Once you reach the line that contains "Some of the words", retype it and each later line exactly as written, stopping only at the end of the listing.

○ ○ ○ ○ ○

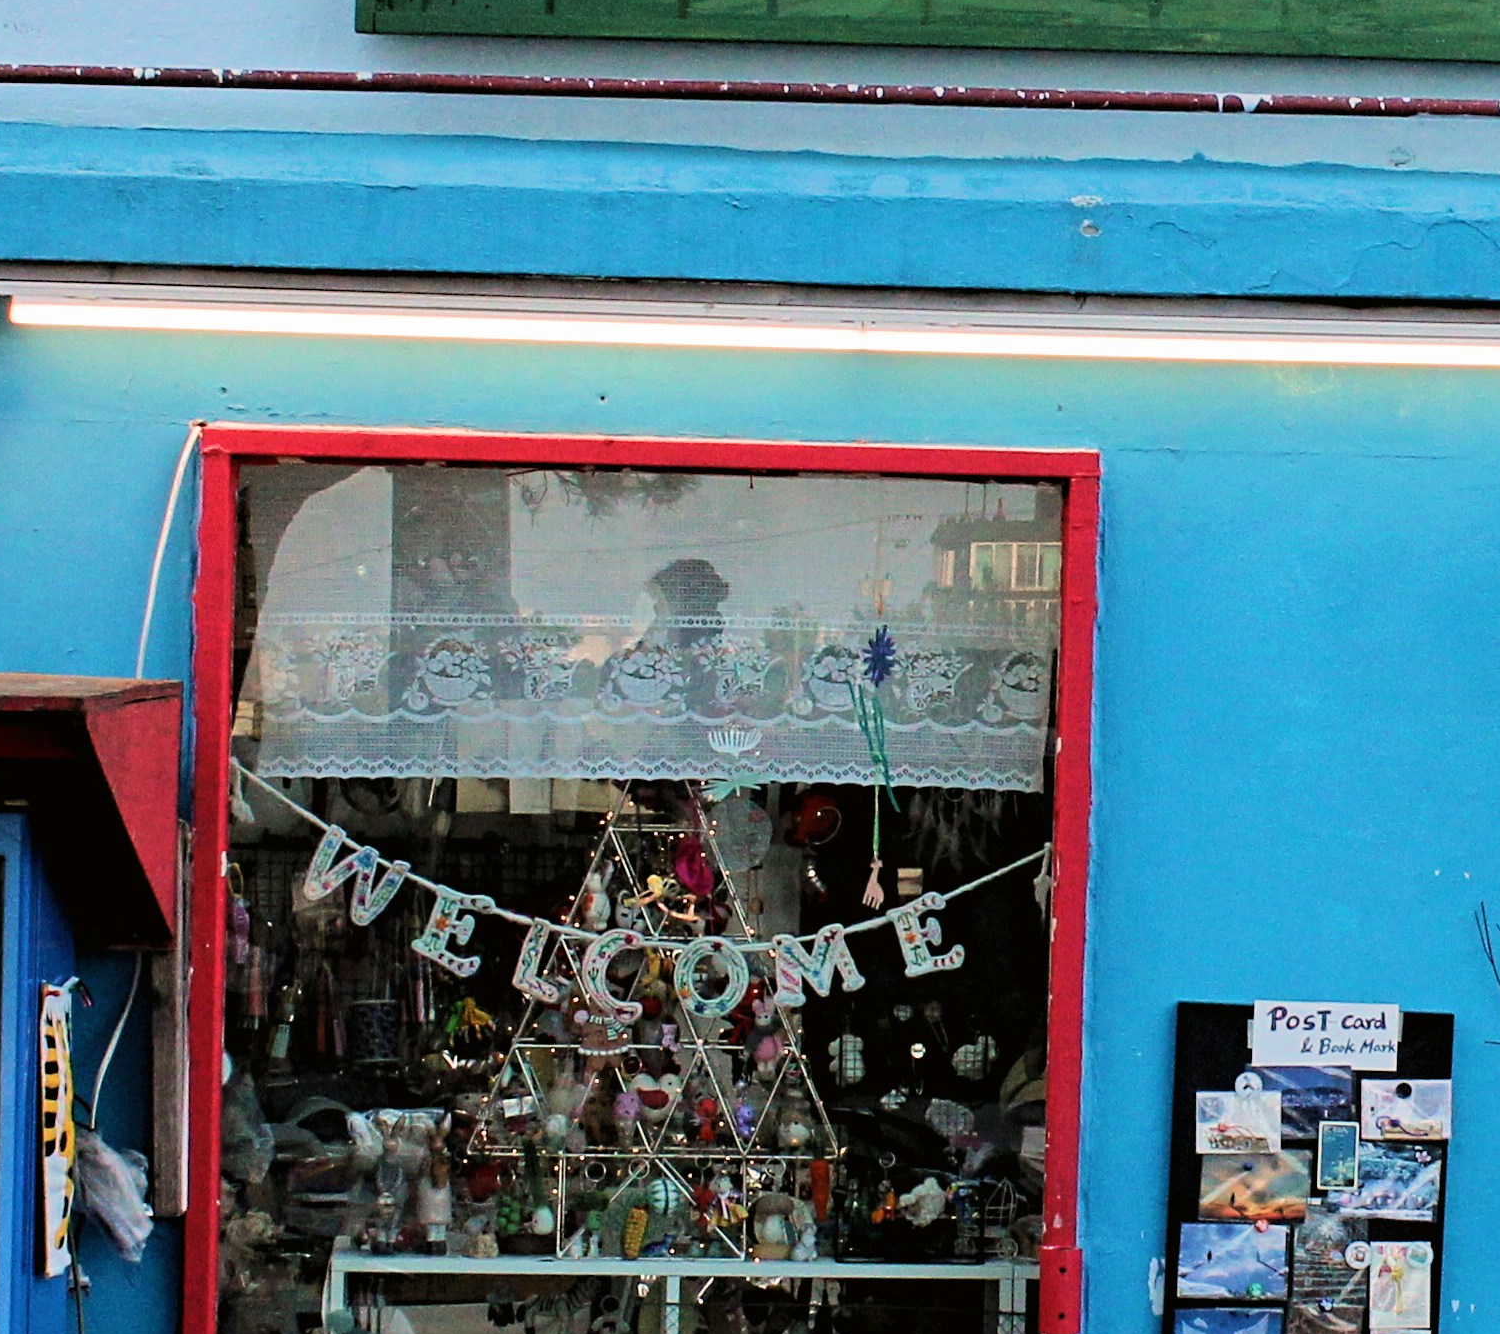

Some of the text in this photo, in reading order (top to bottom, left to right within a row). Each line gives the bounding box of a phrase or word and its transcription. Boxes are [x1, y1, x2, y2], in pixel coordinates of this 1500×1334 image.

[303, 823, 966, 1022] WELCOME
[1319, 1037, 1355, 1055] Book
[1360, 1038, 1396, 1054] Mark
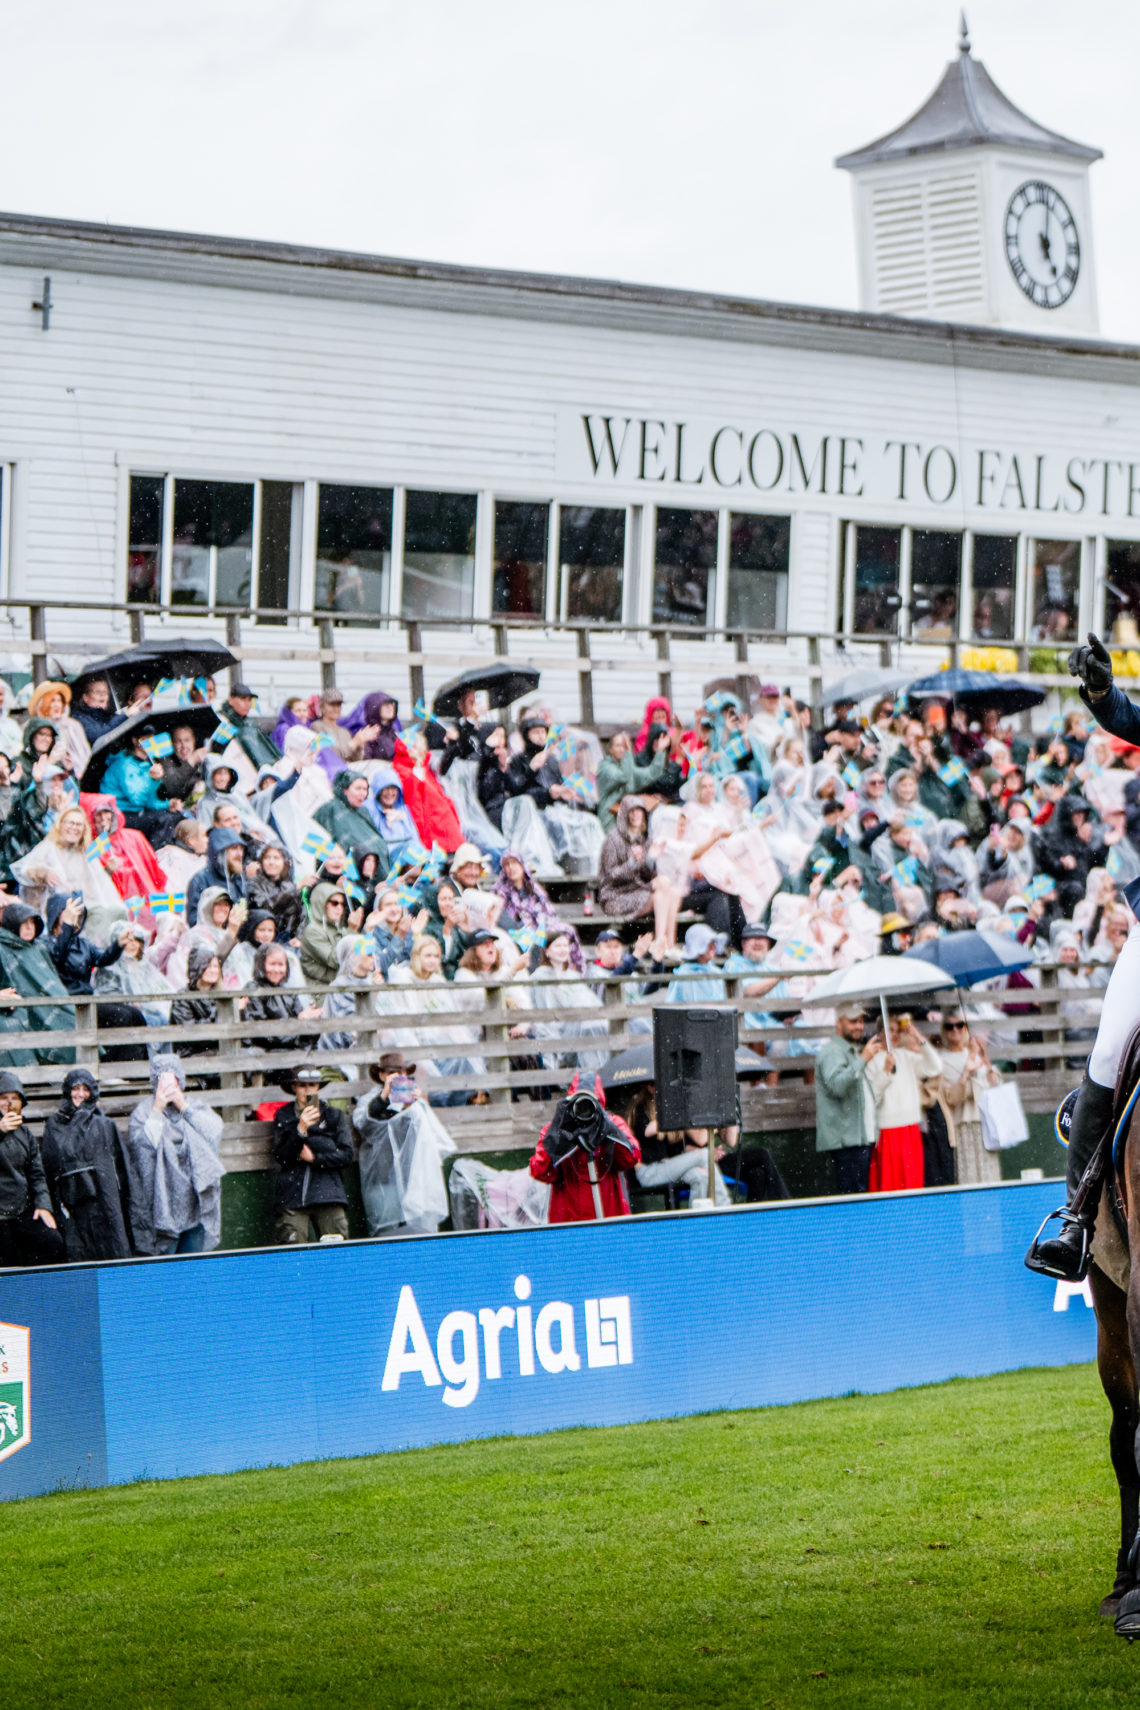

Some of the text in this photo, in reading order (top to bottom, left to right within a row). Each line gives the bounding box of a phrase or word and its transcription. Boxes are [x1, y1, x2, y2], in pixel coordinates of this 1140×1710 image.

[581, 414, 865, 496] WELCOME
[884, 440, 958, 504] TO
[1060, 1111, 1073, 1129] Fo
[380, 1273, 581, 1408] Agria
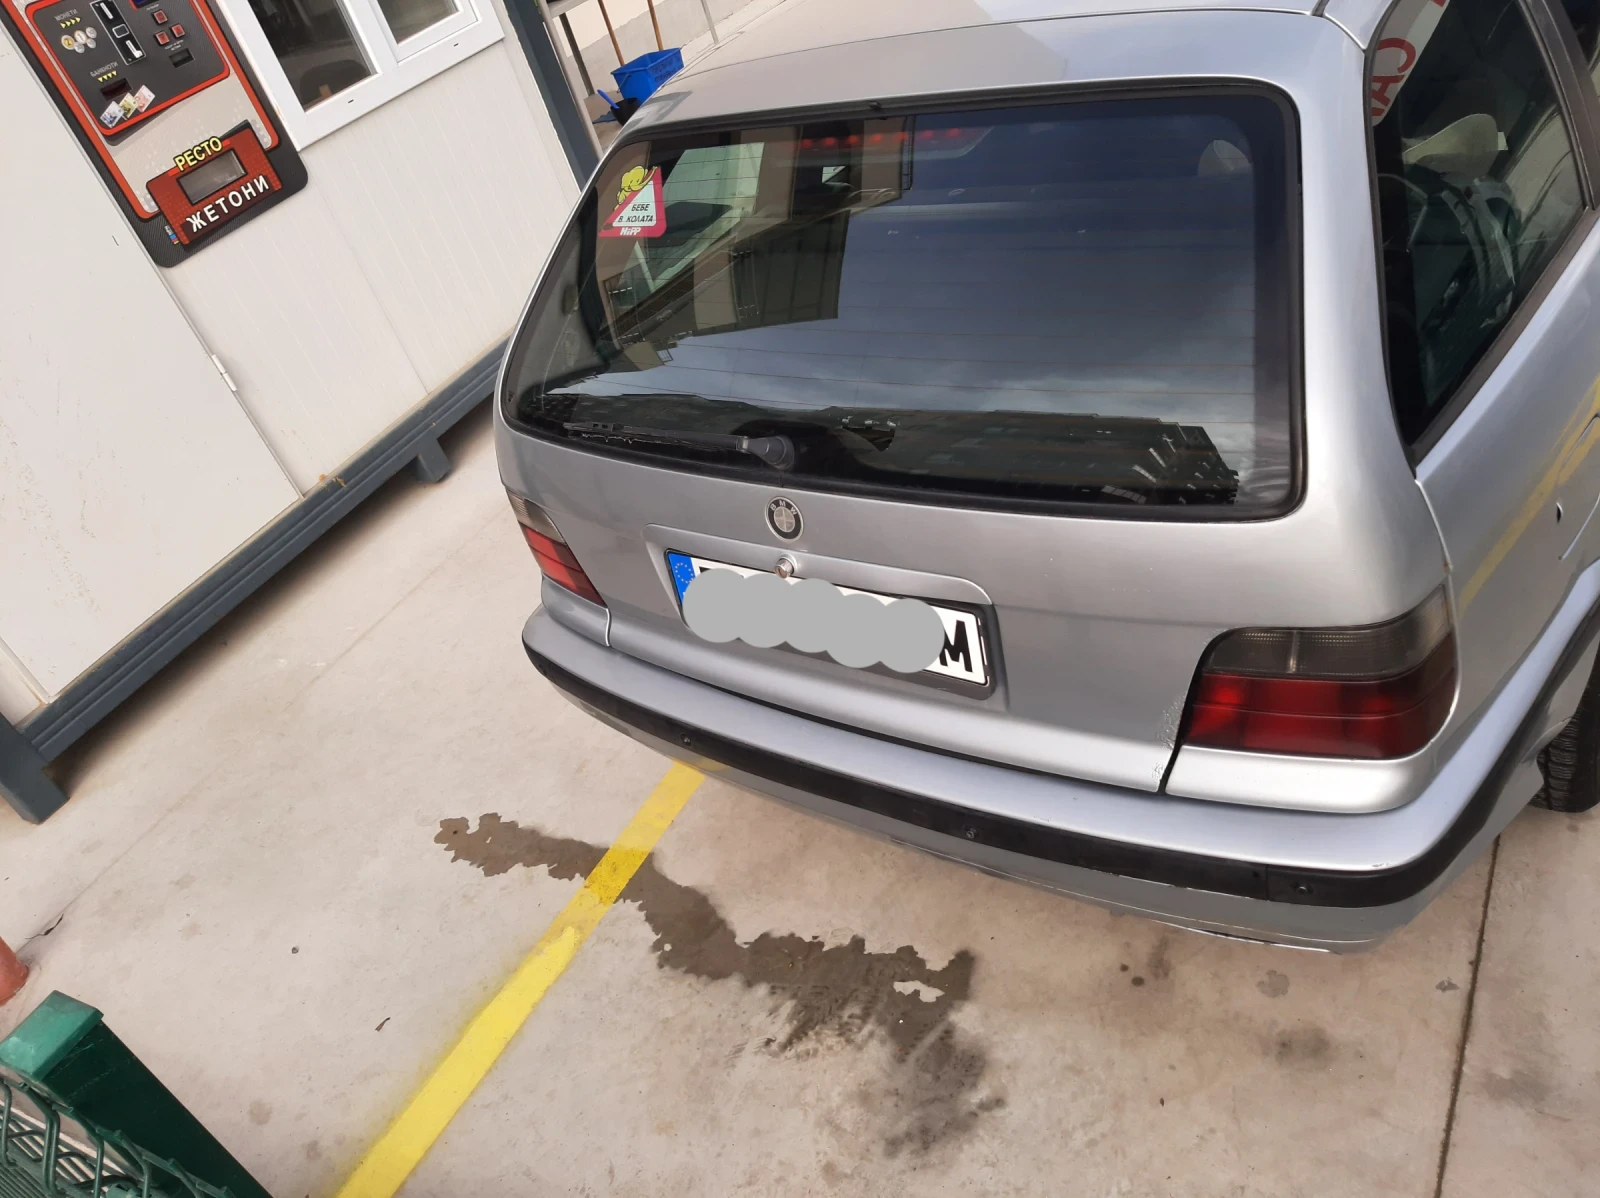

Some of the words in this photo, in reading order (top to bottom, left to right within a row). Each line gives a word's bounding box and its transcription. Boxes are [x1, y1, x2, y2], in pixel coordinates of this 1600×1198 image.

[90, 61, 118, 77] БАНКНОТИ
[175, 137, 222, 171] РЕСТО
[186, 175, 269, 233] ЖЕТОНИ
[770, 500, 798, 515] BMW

○ ○ ○ ○ ○

• [ANSWER FOR THE TASK]
Some of the words in this photo, in reading order (top to bottom, left to right within a row). Each line gives a word's bounding box and its transcription. Boxes are [x1, y1, x2, y2], in pixel coordinates of this 1600×1198 image.

[90, 61, 118, 77] БАНКНОТИ
[175, 137, 222, 171] РЕСТО
[186, 175, 269, 233] ЖЕТОНИ
[770, 500, 798, 515] BMW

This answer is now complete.